Cyclin-dependent Kinases, Cyclins and the Cell Cycle
Biomol offers a comprehensive selection of antibodies for detection of cell cycle regulating proteins.
CDKs with their Regulator Protein, Cyclin or Other.
- CDK1; cyclin A, cyclin B
- CDK2; cyclin A, cyclin E
- CDK4; cyclin D1, cyclin D2, cyclin D3
- CDK5; CDK5R1, CDK5R2. See also CDKL5.
- CDK6; cyclin D1, cyclin D2, cyclin D3
- CDK7; cyclin H
- CDK8; cyclin C
- CDK9; cyclin T1, cyclin T2a, cyclin T2b, cyclin K
- CDK11 (CDC2L2) ; cyclin L
A cyclin-CDK complex can be regulated by several kinases and phosphatases, including Wee, and CDK-activating kinase (CAK), and Cdc25.
Cyclin Y is a recently identified member of the cyclin family of proteins which function as regulators of cyclin dependent kinases. It was identified as a protein that interacts with PFTK1, a factor that shares limited homology to CDKs, but functions as a CDK by regulating cell cycle progression and cell proliferation. The binding of cyclin Y to PFTK1 enhances PFTK1 kinase activity and influences its intracellular location. Cyclin Y is also known as cyclin fold protein 1, cyclin box protein 1, CCNY, CBCP1, and CFP1.
Cyclin and CDK used in Cell Cycle
More Related Proteins
ORC (Origin Recognition Complex)
MCM (Mini-Chromosome Maintenance complex)
Beyond Cell Cycle
Cyclin dependent kinases (CDKs) and their associated cyclin partners have long been recognized as complexes that play an integral role in the progression of the cell cycle. Recently, the well established role of the CDK/cyclin complexes has been broadened, and current studies show that an atypical group of CDK/cyclin complexes are also directly involved in activities such as transcription, translation, and mRNA processing. The transcriptional regulating cyclins include cyclin C, H, K, L1, L2, T1, and T2 which associate with CDK8, -7, -9, and -11; the complexes formed by these factors appear to be involved in distinct aspects of transcription and splicing:
- Cyclin C associates with CDK8. CDK8/cyclin C has been identified as a component of the Mediator complex, a coactivator complex that provides a scaffold to link gene-specific transcription factors to RNA polymerase II and the general transcription machinery.

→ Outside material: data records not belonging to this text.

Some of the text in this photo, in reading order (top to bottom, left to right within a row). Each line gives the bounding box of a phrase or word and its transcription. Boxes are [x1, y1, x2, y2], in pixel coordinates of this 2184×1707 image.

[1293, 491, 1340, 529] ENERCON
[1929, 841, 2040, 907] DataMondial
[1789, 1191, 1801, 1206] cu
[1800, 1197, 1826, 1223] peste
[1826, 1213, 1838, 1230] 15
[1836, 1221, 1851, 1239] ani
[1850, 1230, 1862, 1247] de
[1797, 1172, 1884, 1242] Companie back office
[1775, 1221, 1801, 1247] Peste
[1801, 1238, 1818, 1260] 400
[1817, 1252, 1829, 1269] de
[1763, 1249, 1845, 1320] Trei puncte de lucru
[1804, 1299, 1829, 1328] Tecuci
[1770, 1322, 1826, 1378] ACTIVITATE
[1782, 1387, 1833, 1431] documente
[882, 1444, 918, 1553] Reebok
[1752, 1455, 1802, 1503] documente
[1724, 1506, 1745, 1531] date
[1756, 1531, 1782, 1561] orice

- Cyclin H forms a complex with CDK7and MAT1. The CDK7/cylin H/MAT1 complex has been identified as a component of the TFIIH multi-subuint general transcription factor. In this transcription complex, CDK7 is responsible for the phosphorylation of several components of the transcriptional machinery.

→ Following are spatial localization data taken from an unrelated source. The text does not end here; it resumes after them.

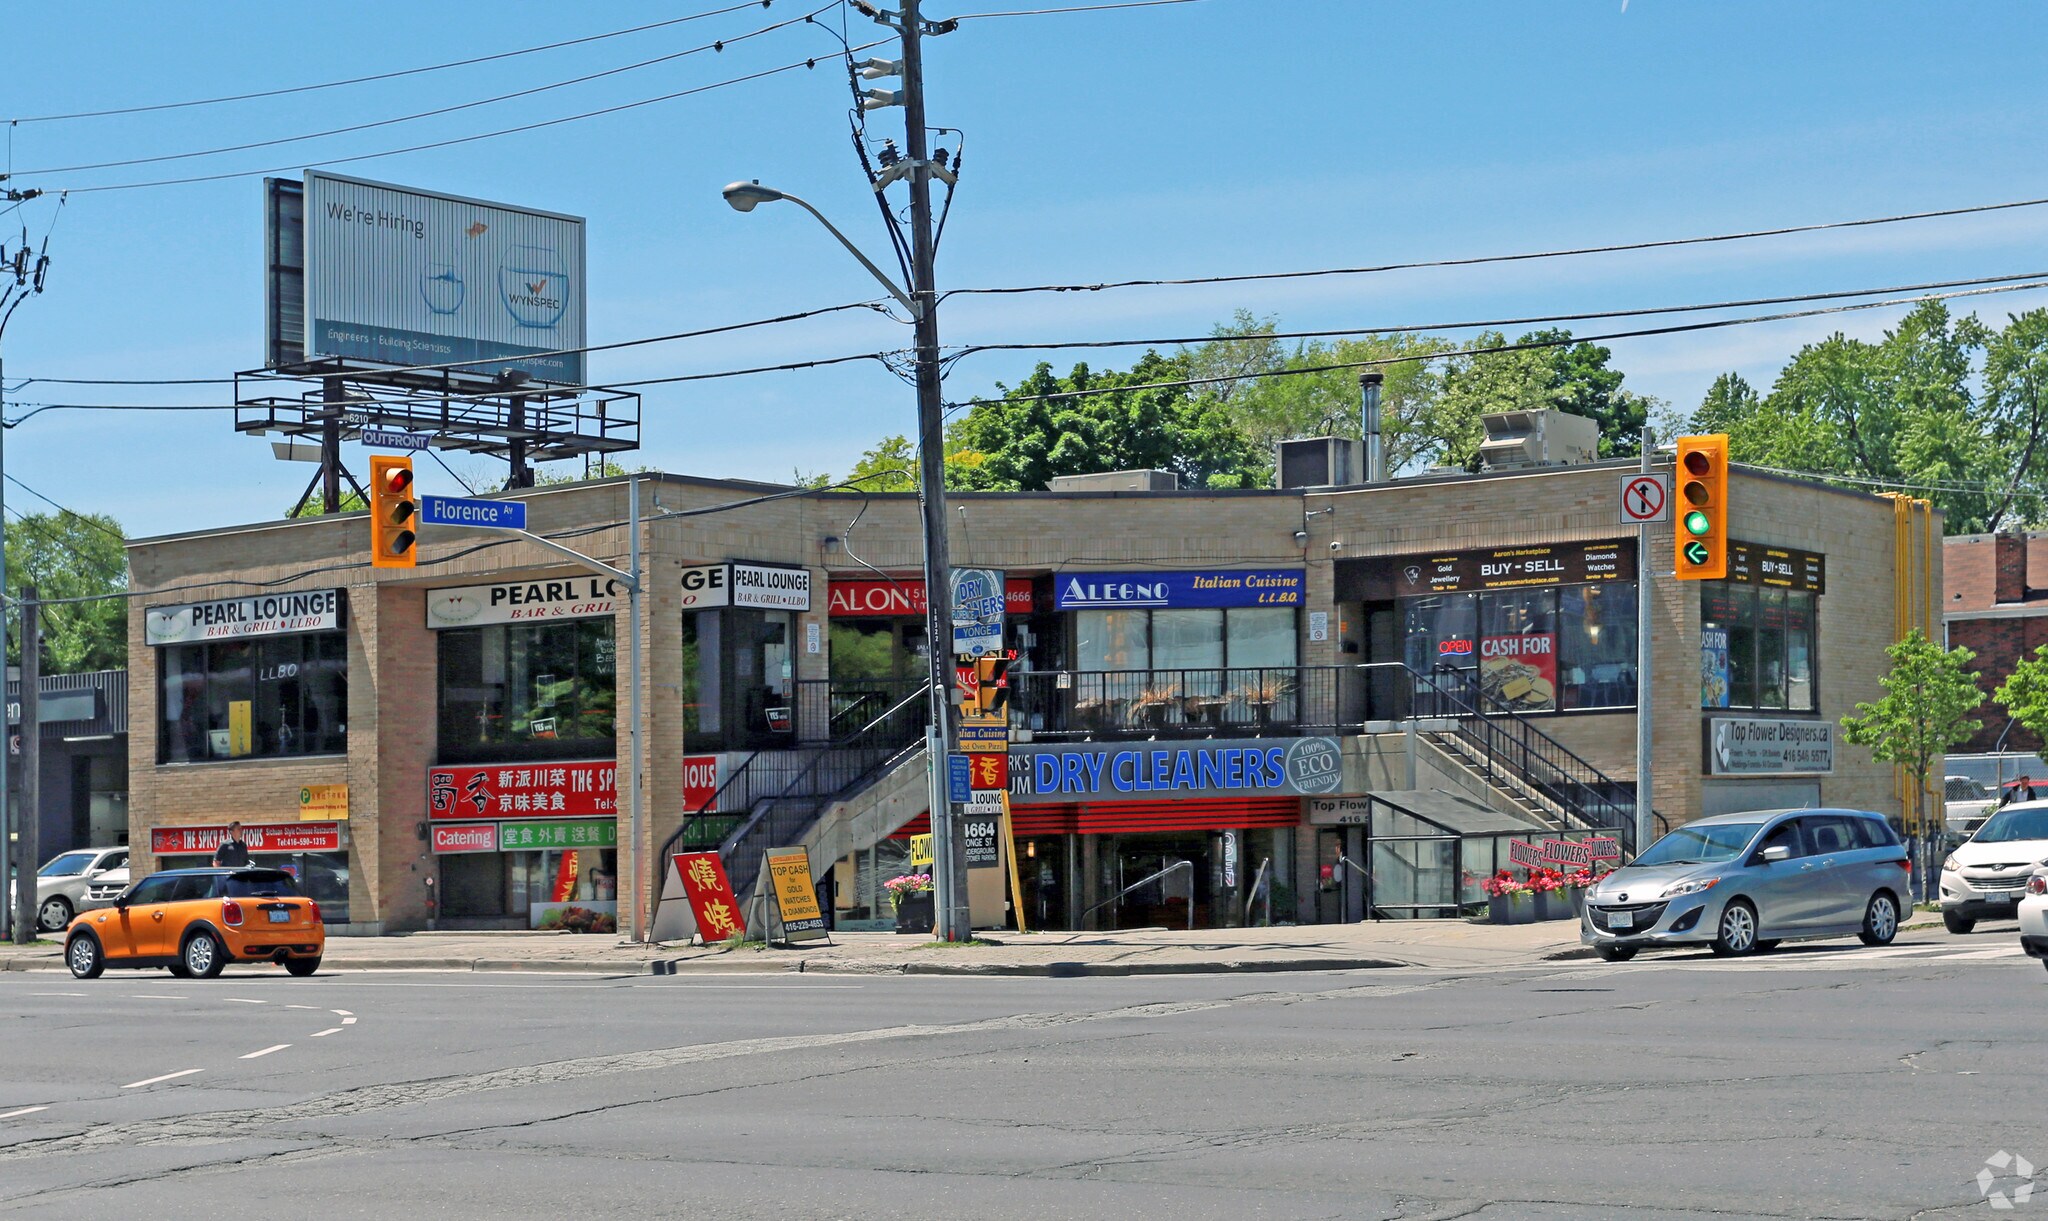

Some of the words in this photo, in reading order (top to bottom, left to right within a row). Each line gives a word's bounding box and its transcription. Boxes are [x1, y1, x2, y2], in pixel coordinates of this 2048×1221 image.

[327, 202, 374, 225] We're
[379, 210, 424, 239] Hiring
[509, 293, 560, 309] WYNSPEC
[328, 328, 369, 343] Engineers
[379, 334, 411, 351] Building
[412, 339, 451, 354] Scientists
[349, 413, 369, 423] 6210
[363, 431, 427, 449] OUTFRONT
[434, 500, 498, 522] Florence
[1493, 550, 1515, 558] Aaron's
[1516, 548, 1551, 557] Marketplace
[1585, 552, 1617, 561] Diamonds
[1437, 565, 1453, 573] Gold
[1481, 562, 1512, 576] BUY
[1525, 559, 1565, 573] SELL
[1587, 563, 1615, 571] Watches
[1762, 561, 1775, 573] BUY
[1779, 563, 1793, 576] SELL
[681, 568, 723, 591] GE
[735, 569, 765, 588] PEARL
[768, 572, 808, 591] LOUNGE
[1061, 577, 1169, 600] ALEGNO
[1193, 576, 1241, 588] Italian
[1245, 575, 1298, 588] Cuisine
[1430, 575, 1460, 584] Jewellery
[491, 581, 579, 606] PEARL
[960, 578, 983, 601] DRY
[738, 592, 752, 603] BAR
[760, 594, 782, 605] GRILL
[787, 596, 807, 606] LLBO
[192, 601, 247, 627] PEARL
[254, 593, 336, 620] LOUNGE
[510, 606, 546, 619] BAR
[552, 606, 564, 616] &
[208, 625, 229, 637] BAR
[232, 625, 240, 635] &
[243, 620, 278, 633] GRILL
[289, 616, 322, 629] LLBO
[963, 625, 992, 637] YONGE
[1439, 640, 1473, 653] OPEN
[1481, 638, 1519, 656] CASH
[1522, 637, 1551, 655] FOR
[1715, 632, 1727, 649] FOR
[978, 728, 1006, 738] Cuisine
[1731, 721, 1746, 745] Top
[1749, 722, 1777, 740] Flower
[1779, 722, 1828, 746] Designers.ca
[1300, 742, 1326, 755] 100%
[1783, 750, 1796, 762] 416
[1811, 750, 1828, 762] 5577
[1034, 752, 1107, 794] DRY
[1111, 746, 1286, 792] CLEANERS
[1297, 754, 1333, 776] ECO
[498, 769, 566, 788] 新派川菜
[572, 769, 592, 792] THE
[684, 764, 715, 788] IOUS
[1299, 772, 1339, 790] FRIENDLY
[498, 791, 566, 812] 京味美食
[1314, 801, 1335, 812] Top
[1340, 815, 1361, 824] 416
[183, 830, 196, 849] THE
[198, 829, 218, 849] SPICY
[265, 827, 283, 836] Sichuan
[284, 827, 296, 837] Style
[296, 826, 314, 836] Chinese
[437, 830, 492, 847] Catering
[1511, 842, 1543, 867] FLOWERS
[1544, 841, 1590, 864] FLOWERS
[1587, 840, 1617, 856] OWERS
[772, 867, 788, 877] TOP
[788, 865, 809, 875] CASH
[786, 885, 803, 893] GOLD
[783, 896, 811, 905] WATCHES
[788, 906, 818, 916] DIAMONDS

- Cyclin L1 and L2 associate with CDK11. CDK/cyclin L complexes have been implicated to play a role in pre-mRNA splicing.

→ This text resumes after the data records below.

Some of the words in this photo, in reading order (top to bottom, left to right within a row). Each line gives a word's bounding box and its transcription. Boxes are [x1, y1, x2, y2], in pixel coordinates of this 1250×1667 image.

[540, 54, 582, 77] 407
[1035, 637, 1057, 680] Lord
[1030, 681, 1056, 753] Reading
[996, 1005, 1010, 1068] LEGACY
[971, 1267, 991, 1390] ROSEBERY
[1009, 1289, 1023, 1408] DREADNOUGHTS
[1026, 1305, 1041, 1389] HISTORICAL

- Cyclins T1, T2a, T2b and K form a complex with CDK9. CDK9 has been identified as a subunit of the transcription elongation factor p-TEFb. pTEFb is responsible for phosphorylating the carboxyl-terminal domain (CTD) of RNA polymerase II to facilitate elongation.
The discovery of novel roles for CDK/cyclin complexes provides an avenue to connect the processes of cell cycle progression, transcription, and RNA splicing into a common regulatory network and raises many questions concerning how these complexes achieve cross-talk to promote the complex coordination of cell cycle progression and gene expression (reviewed in Loyer, Trembley, Katona, Kidd, & Lahti, 2005).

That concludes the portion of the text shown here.